Digital services act e digital markets act: arriva il  «pacchetto»

La sentenza della Corte Europea tuttavia non ha reso impossibile il trasferimento dei dati all’estero. Nel maggio 2021 il Comitato europeo per la Protezione dei Dati (EDPB) ha dettato linee guida che consentono di continuare a effettuare i trasferimenti di dati tra Unione Europea e USA. E questo può essere fatto anche in assenza di un nuovo accordo tra i due ordinamenti.

Nel frattempo, tuttavia, prosegue l’iter del Digital Package Act presentato dalla Commissione Europea. Questo atto include sia il Digital Services Act (DSA) sia il Digital Markets Act (DMA). Si tratta di una cornice normativa di ampio respiro, che potrebbe essere approvata nella prima metà del 2022. Il Digital Package Act disciplinerà l’intero settore digitale: social media, marketplace e piattaforme. Aumenteranno le tutele per gli utenti e gli obblighi per gli operatori, soprattutto per quelle che definite «very large online platforms». Si tratta delle piattaforme digitali con una capitalizzazione di almeno 65 miliardi di euro e un numero di utenti mensili riconducibili a cittadini dell’Unione Europea non inferiore ai 45 milioni.
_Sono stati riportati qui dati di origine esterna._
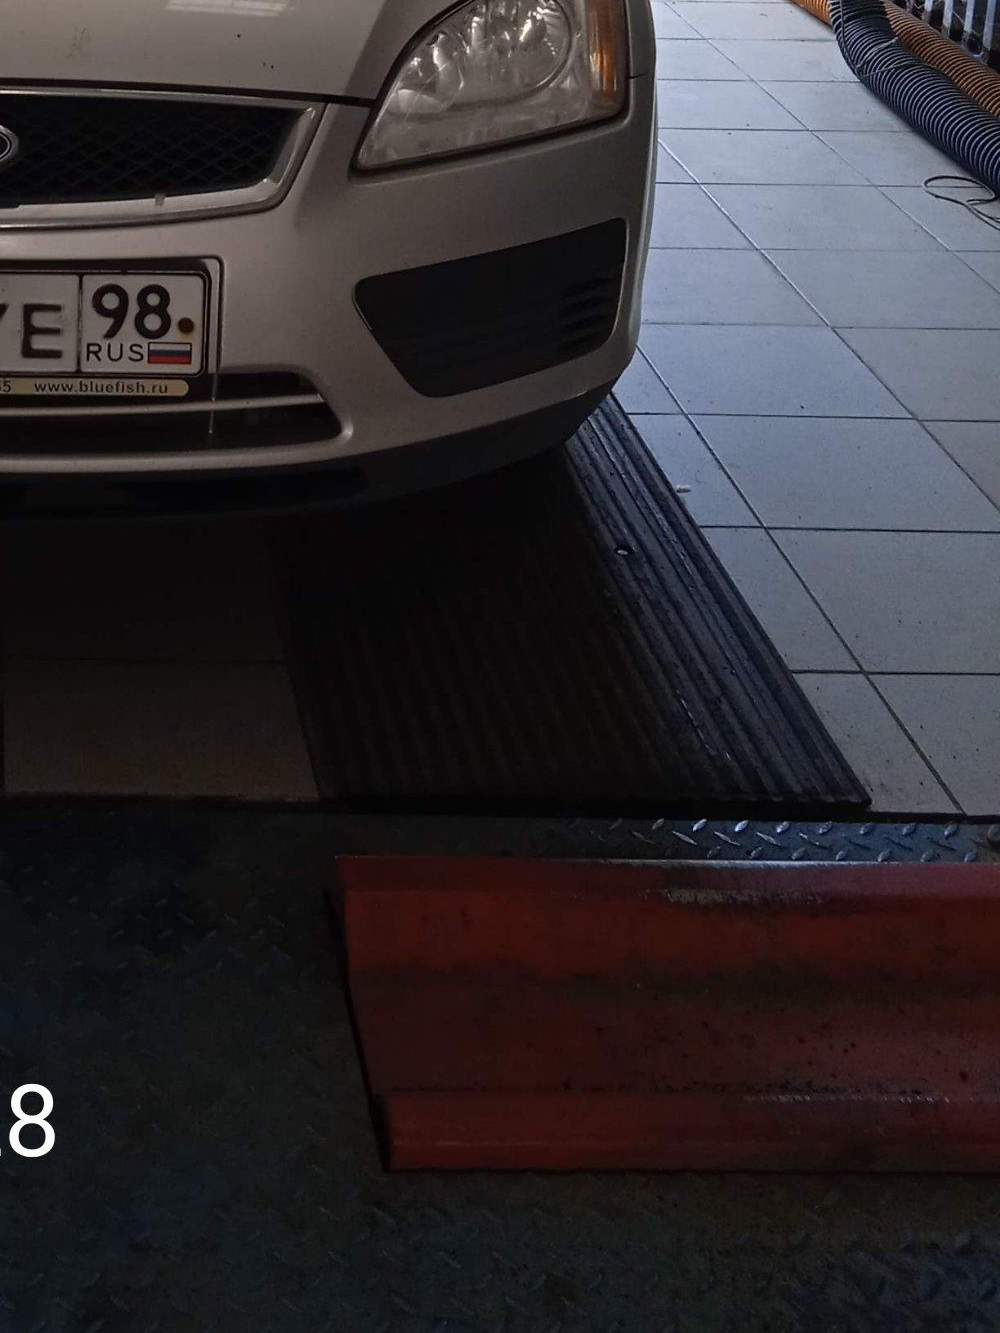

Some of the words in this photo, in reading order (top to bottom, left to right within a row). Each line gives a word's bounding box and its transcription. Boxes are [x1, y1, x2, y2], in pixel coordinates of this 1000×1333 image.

[92, 284, 171, 340] 98
[86, 342, 144, 362] RUS
[34, 379, 168, 394] www.bluefish.ru
È chiaro che le prospettive regolatorie europee si muovono lungo binari diversi da quelli che hanno sempre ispirato gli Stati Uniti. La colonna portante del Digital Package è la visione di un ecosistema fortemente regolato. Questa strategia ha l’obiettivo di tutelare alcuni principi e diritti che non si intendono subordinare alla libertà del mercato. Forse – come suggerisce Franco Pizzetti, ex Garante della Privacy italiano, in un bell’intervento uscito a febbraio 2022 su Agenda Digitale – è proprio questo di cui ha paura Mark Zuckerberg, quando minaccia di sospendere i servizi di Meta in Europa.

Paolo Costa
Paolo Costa
Socio fondatore e Direttore Marketing di Spindox. Insegno Comunicazione Digitale e Multimediale all’Università di Pavia. Da 15 anni mi occupo di cultura digitale e tecnologia. Ho fondato l’associazione culturale Twitteratura, che promuove l’uso di Twitter come strumento di lettura attraverso la riscrittura.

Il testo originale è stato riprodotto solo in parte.